You get to decide how you want to work with these emotions and evolve through them.

Neutralize the Emotions

Difficult emotions can sink you if you allow them in for too long.

In his book, How God Changes Your Brain, Andrew Newberg, MD says:

“If you allow anger and fear to dominate, you will lose the neurological ability to think logically and act compassionately toward others. In fact, it is nearly impossible to find peace and serenity if your mind is preoccupied by negative, anxious, or hateful thoughts.”

When I was preparing for my presentation, I could feel fear, worry, and anxiety pulling me in unhelpful directions.

But I also understood the value of those emotions. They were like little clues showing me the areas I needed to work on in order to grow.

The more you resist an emotion, or try to push it away, the more it persists. 

One of the ways you can neutralize an emotion is to simply name it. Acknowledge what you are feeling. Just by not resisting an emotion, you start shifting it into a different place.

Me: “I’m feeling scared, anxious, and a little freaked out about this presentation.”

Labeling emotions takes the charge out of them and reminds us that we’re greater than what we feel in any given moment.

Then, simply listen to what the emotional data is trying to tell you. What is the message?

Me: “I’m afraid I’m going to fail at this presentation.”

I was terrified of failing.

We Get to Choose

I was super scared of failing 😬  But here was a chance to reframe failure - to choose a different reality. So, here are some of the questions I asked myself:

  • Is failure really THAT horrible?
  • What bad things would happen if I fail?
  • When did I fail in the past?
  • Is it possible all those failures were actually gifts?
  • Could it be that failure is actually one of life’s greatest teachers?
  • Am I still lovable even if I fail?
  • What constitutes failure, anyway?


Reflecting on Pema Chodron’s quote… The sun can be good OR bad. The storms... helpful or unhelpful. It’s always a matter of perception. And that is how the sky gets to create its reality.

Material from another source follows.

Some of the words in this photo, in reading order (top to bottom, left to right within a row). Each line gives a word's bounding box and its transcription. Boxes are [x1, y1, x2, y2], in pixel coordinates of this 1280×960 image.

Choose how you want to feel and then step into that feeling. Get into the feeling now and become empowered. All those little soldiers from the past may pop up and talk you out of feeling what you want to feel. That's okay, because you can let them go. 

Let it Go

Once you’ve named the emotion, chosen what you want to believe about it, stepped in to how you want to feel, go ahead and let the rest go. Give yourself permission to let go of the need to control your emotions.

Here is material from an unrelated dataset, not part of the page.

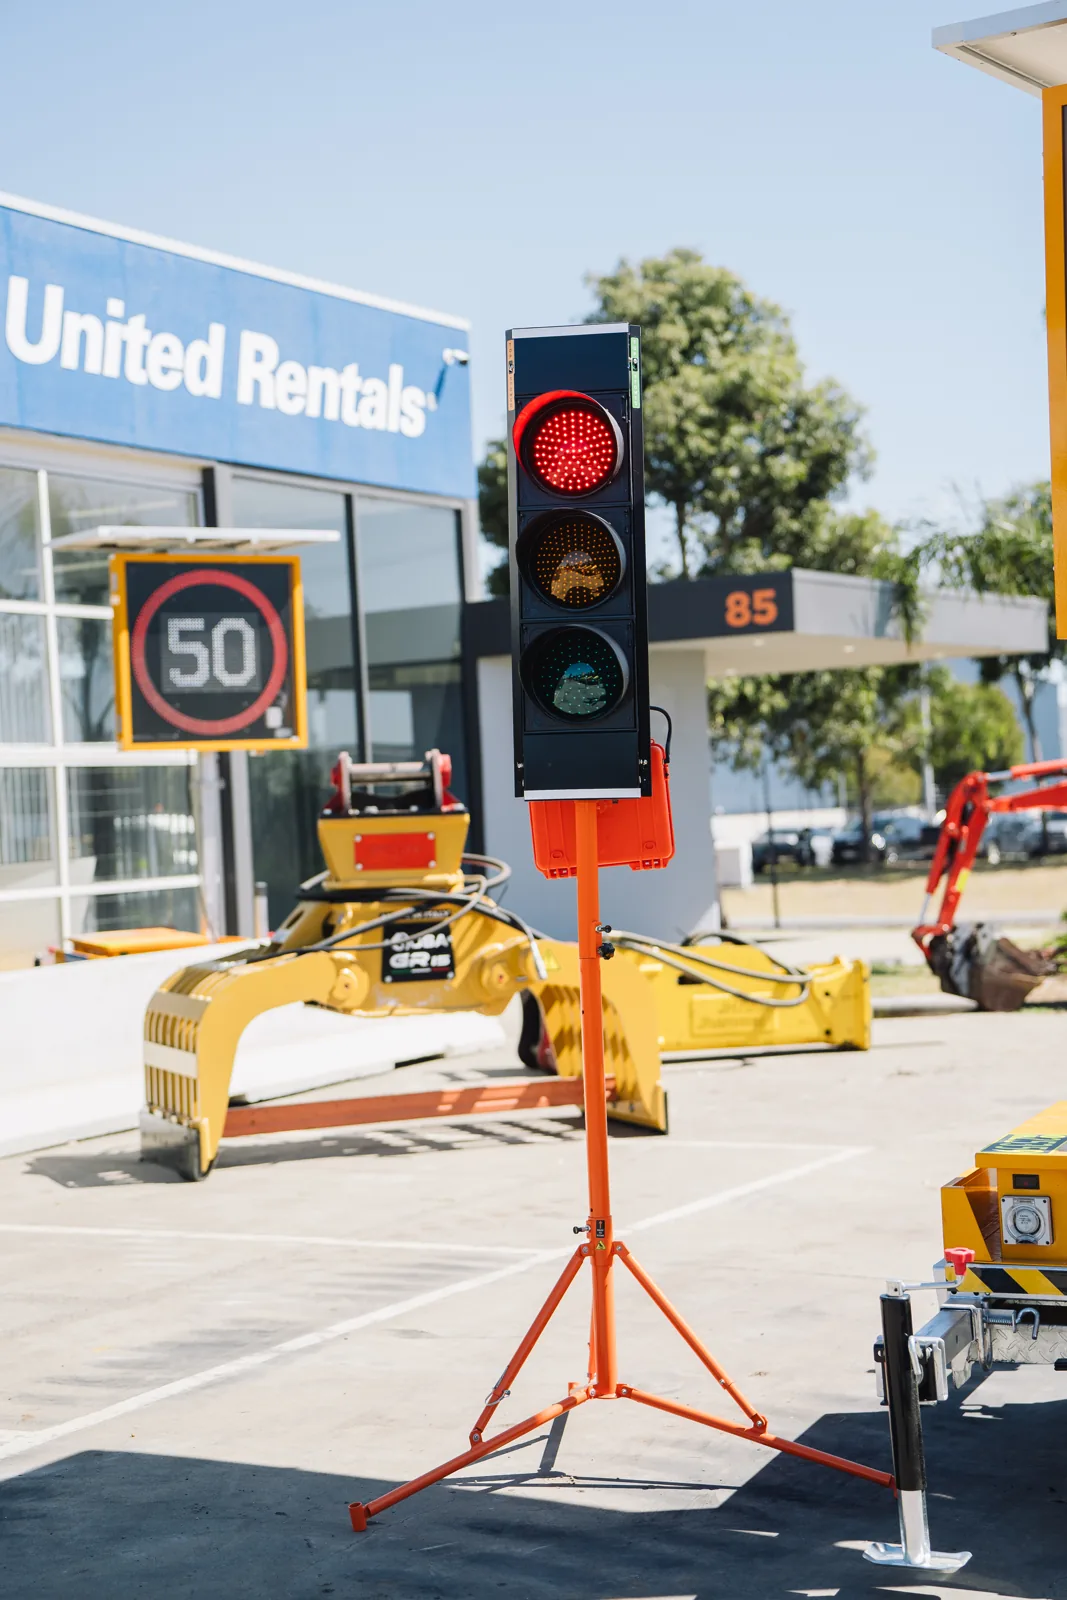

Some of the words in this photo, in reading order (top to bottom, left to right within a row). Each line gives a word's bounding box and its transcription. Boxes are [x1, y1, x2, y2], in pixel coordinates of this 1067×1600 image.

[5, 275, 226, 399] United
[237, 329, 427, 438] Rentals
[725, 588, 778, 628] 85
[168, 617, 256, 687] 50

Tapping is a wonderful tool for letting go and retraining the brain. (Learn how to tap here.)

I went forward with my presentation and even had some FUN! It was a great opportunity and I connected with some pretty cool people.

Was it perfect? Nope, not even close. But that was the whole point! Ya' gotta crawl before you can run. 

In Closing

Difficult emotions can tell us a lot about ourselves if we look at them with curiosity. Instead of resisting them, give yourself some space to learn from them. What is the message? What are they trying to tell you? 

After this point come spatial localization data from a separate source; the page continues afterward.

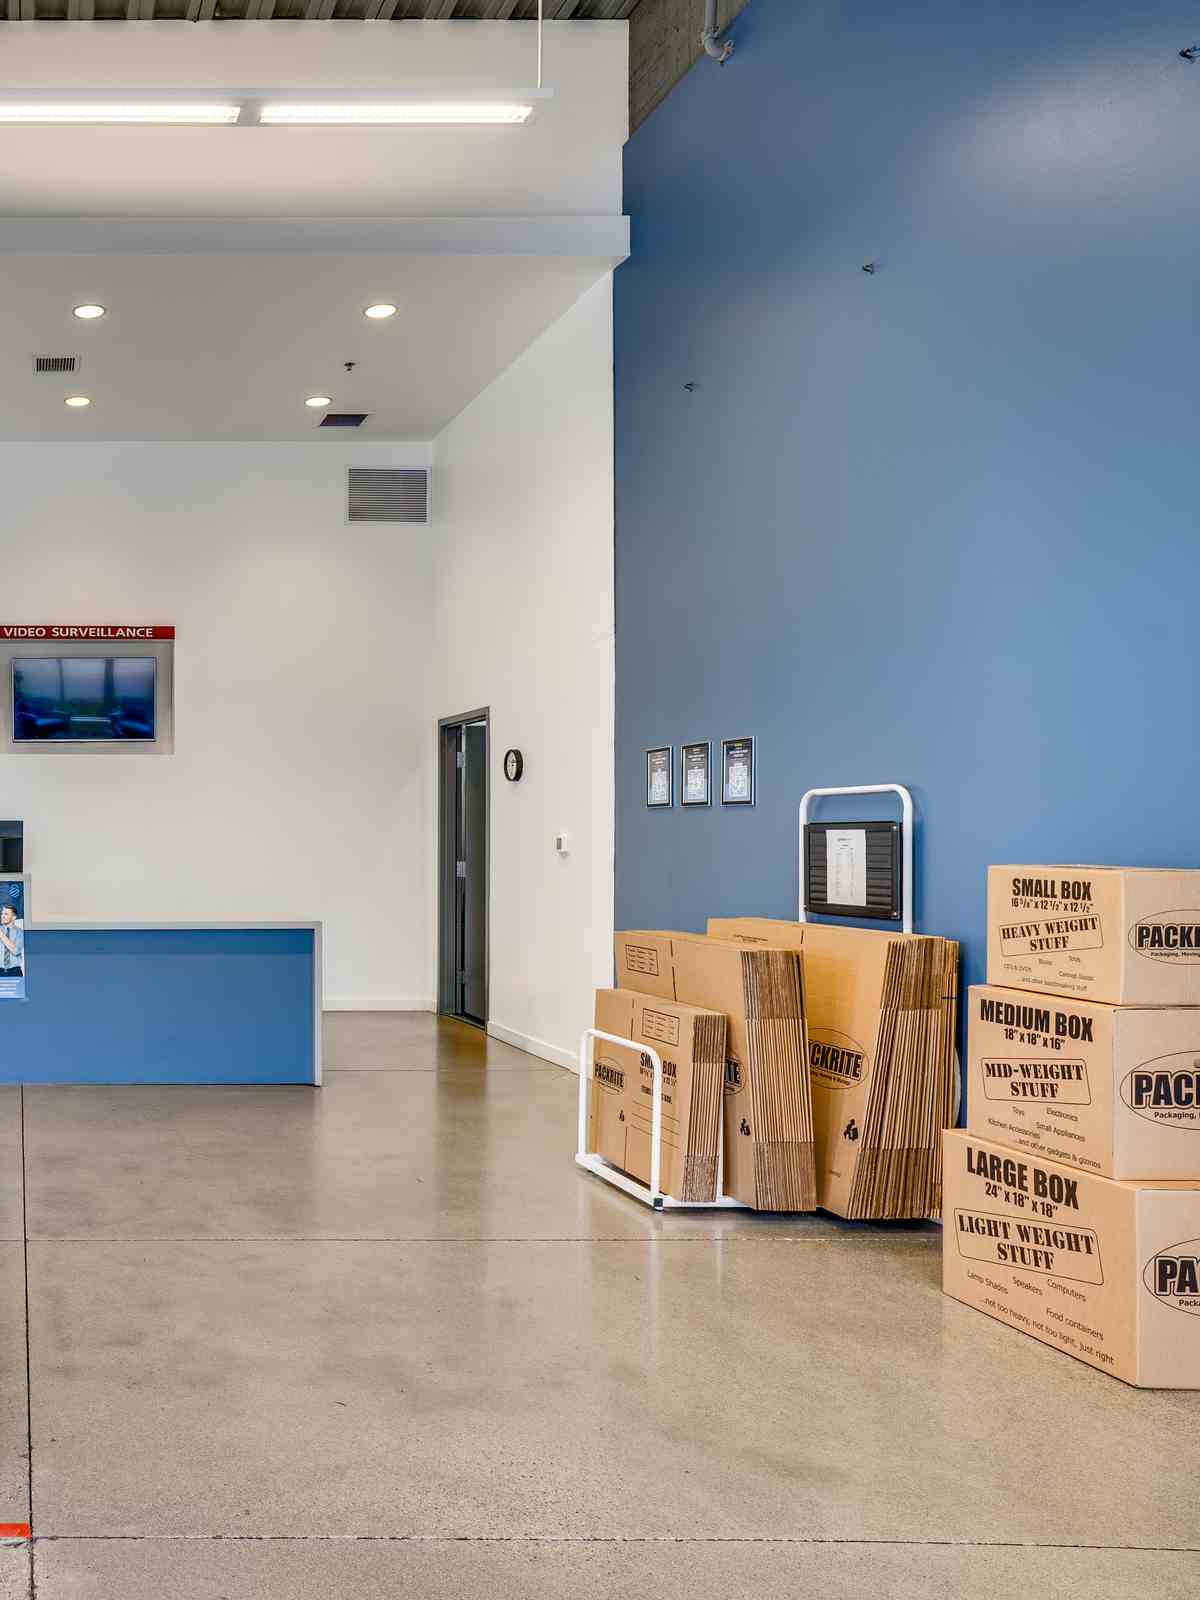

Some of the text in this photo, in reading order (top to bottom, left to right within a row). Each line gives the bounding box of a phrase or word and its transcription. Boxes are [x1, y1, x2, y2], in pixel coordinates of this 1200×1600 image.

[3, 627, 47, 638] VIDEO
[52, 628, 153, 638] SURVEILLANCE
[1012, 878, 1092, 901] SMALL BOX
[1002, 917, 1098, 939] HEAVY WEIGHT
[1135, 923, 1200, 950] PACK
[1029, 935, 1070, 951] STUFF
[980, 999, 1094, 1042] MEDIUM BOX
[1004, 1028, 1018, 1040] 18"
[1027, 1031, 1041, 1045] 18"
[1049, 1036, 1066, 1050] 16"
[662, 1060, 677, 1078] BOX
[984, 1063, 1084, 1081] MID-WEIGHT
[1010, 1082, 1059, 1098] STUFF
[1131, 1070, 1200, 1109] PAC
[966, 1146, 1079, 1210] LARGE BOX
[985, 1181, 1003, 1199] 24"
[1013, 1192, 1030, 1209] 18"
[1040, 1200, 1059, 1218] 18"
[958, 1214, 1095, 1255] LIGHT WEIGHT
[997, 1242, 1055, 1270] STUFF
[1012, 1276, 1043, 1296] Speakers
[1047, 1279, 1086, 1302] Computers
[1046, 1307, 1104, 1341] Food containers
[1032, 1319, 1044, 1331] not
[1045, 1326, 1058, 1337] too
[1095, 1350, 1115, 1365] right

Remember, the body speaks your mind.


So, the next time you find yourself dealing with some difficult emotions, go ahead and try these simple steps:


👉🏽   Neutralize them by naming them.

👉🏽   Choose what you want to believe and how you want to feel.

👉🏽   Step into that feeling and let the rest go.

You, my friend, are not the cloud, the rain, or the storm. You are the sky.


Holding space for all of the emotions, 

Beth Kendall MA, FNTP

Holistic Sleep Coach

Health Disclaimer: The information and other content provided in this blog, or in any linked materials, are not intended and should not be construed as medical advice, nor is the information a substitute for professional medical expertise or treatment.